Task instructions: Everything from the line holding "this 2350×1568 image." through the last line below must be repeated exactly, and nothing else.

━━━ Material provided

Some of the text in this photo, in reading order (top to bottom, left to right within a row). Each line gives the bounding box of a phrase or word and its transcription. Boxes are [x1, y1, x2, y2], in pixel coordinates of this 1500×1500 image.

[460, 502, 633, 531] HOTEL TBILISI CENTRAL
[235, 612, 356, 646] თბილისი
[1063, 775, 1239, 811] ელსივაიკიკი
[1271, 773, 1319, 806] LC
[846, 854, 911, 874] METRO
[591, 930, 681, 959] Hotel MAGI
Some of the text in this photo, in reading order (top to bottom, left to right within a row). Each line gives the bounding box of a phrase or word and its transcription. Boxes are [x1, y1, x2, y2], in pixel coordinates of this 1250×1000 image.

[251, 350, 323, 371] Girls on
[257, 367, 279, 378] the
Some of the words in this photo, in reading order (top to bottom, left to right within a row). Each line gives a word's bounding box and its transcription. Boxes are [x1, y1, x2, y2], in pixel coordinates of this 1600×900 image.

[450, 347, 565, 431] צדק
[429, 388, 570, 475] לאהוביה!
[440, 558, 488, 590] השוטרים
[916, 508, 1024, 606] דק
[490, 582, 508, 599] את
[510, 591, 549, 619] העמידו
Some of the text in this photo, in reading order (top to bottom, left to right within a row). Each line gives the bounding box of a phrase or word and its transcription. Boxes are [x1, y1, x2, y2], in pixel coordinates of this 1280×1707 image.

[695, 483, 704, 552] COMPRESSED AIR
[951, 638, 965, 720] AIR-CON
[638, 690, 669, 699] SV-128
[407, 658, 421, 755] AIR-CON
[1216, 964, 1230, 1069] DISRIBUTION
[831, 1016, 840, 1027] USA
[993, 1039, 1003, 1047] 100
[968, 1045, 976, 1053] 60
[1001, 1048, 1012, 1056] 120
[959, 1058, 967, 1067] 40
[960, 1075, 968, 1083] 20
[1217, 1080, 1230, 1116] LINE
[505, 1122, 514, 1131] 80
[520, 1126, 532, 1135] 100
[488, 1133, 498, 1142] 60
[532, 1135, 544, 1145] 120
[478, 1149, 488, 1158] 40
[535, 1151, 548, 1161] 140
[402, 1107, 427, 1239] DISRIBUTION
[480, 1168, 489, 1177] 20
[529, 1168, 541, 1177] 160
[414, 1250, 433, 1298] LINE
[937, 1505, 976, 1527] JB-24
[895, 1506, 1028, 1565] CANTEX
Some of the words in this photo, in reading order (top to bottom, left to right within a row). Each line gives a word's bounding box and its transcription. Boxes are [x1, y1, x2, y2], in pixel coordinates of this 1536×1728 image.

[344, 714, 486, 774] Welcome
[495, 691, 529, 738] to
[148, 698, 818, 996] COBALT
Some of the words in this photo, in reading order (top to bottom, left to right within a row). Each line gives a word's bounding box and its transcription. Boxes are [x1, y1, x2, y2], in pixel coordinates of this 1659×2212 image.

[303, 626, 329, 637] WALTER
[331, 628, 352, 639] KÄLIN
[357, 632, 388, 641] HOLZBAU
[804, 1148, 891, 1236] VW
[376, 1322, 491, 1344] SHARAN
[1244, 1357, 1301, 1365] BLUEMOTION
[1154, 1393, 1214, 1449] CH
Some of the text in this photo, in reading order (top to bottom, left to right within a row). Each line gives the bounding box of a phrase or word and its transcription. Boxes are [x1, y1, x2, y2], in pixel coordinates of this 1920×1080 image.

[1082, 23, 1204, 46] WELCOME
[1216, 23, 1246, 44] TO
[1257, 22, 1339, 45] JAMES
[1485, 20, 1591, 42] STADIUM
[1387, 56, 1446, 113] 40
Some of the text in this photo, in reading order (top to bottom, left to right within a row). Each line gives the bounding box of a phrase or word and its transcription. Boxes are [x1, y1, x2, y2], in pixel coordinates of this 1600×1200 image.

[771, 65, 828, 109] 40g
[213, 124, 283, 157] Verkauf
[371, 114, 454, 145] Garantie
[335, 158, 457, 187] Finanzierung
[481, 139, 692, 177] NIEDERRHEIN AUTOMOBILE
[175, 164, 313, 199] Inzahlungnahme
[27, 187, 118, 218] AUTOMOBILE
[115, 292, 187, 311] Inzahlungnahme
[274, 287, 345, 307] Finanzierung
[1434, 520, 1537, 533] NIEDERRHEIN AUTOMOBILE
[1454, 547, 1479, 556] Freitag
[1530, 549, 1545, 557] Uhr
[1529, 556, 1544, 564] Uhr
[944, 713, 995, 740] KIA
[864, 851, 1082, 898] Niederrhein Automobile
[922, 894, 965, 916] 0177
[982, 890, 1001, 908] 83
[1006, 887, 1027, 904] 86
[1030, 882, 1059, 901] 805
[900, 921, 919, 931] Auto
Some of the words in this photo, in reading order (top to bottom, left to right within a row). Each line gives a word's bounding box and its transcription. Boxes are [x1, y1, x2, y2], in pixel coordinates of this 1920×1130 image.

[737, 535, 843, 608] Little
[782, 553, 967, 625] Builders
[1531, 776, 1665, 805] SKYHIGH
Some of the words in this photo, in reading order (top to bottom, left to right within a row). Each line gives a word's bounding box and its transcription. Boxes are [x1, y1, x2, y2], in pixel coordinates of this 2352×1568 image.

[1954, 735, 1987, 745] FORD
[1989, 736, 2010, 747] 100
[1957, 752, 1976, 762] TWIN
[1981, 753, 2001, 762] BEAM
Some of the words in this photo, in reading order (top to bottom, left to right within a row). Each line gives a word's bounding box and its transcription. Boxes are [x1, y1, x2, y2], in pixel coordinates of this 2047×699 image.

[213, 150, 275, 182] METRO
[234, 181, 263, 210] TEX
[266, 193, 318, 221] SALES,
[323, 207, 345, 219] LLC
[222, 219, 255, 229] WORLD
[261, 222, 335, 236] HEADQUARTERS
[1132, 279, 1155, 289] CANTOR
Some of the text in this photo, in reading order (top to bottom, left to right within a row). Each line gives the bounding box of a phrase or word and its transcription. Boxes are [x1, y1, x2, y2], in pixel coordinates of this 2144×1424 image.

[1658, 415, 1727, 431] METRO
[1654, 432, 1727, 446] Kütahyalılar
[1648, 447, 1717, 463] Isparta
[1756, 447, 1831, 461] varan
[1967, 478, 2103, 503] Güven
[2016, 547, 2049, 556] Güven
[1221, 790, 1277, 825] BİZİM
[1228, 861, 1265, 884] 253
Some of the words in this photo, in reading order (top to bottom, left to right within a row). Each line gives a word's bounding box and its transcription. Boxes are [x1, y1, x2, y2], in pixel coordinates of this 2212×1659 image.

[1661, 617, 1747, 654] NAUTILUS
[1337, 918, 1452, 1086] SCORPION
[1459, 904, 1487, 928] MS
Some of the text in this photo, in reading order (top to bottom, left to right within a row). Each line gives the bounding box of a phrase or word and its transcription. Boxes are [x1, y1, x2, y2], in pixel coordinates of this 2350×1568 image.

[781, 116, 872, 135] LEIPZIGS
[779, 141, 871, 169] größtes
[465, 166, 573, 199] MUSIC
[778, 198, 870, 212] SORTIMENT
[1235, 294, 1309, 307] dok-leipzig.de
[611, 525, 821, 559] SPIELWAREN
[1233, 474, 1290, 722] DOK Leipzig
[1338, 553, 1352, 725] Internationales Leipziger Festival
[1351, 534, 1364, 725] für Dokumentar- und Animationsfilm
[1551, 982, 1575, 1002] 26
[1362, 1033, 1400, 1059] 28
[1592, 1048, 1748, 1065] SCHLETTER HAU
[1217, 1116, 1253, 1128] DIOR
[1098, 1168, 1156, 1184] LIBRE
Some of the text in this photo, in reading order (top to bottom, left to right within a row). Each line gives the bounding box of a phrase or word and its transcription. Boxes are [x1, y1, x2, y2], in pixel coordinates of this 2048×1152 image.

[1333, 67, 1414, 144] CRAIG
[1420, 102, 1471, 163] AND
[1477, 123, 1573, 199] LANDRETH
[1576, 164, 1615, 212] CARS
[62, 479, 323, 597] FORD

━━━━━━

Answer space:
Some of the text in this photo, in reading order (top to bottom, left to right within a row). Each line gives the bounding box of a phrase or word and its transcription. Boxes are [x1, y1, x2, y2], in pixel coordinates of this 2350×1568 image.

[781, 116, 872, 135] LEIPZIGS
[779, 141, 871, 169] größtes
[465, 166, 573, 199] MUSIC
[778, 198, 870, 212] SORTIMENT
[1235, 294, 1309, 307] dok-leipzig.de
[611, 525, 821, 559] SPIELWAREN
[1233, 474, 1290, 722] DOK Leipzig
[1338, 553, 1352, 725] Internationales Leipziger Festival
[1351, 534, 1364, 725] für Dokumentar- und Animationsfilm
[1551, 982, 1575, 1002] 26
[1362, 1033, 1400, 1059] 28
[1592, 1048, 1748, 1065] SCHLETTER HAU
[1217, 1116, 1253, 1128] DIOR
[1098, 1168, 1156, 1184] LIBRE
Some of the text in this photo, in reading order (top to bottom, left to right within a row). Each line gives the bounding box of a phrase or word and its transcription. Boxes are [x1, y1, x2, y2], in pixel coordinates of this 2048×1152 image.

[1333, 67, 1414, 144] CRAIG
[1420, 102, 1471, 163] AND
[1477, 123, 1573, 199] LANDRETH
[1576, 164, 1615, 212] CARS
[62, 479, 323, 597] FORD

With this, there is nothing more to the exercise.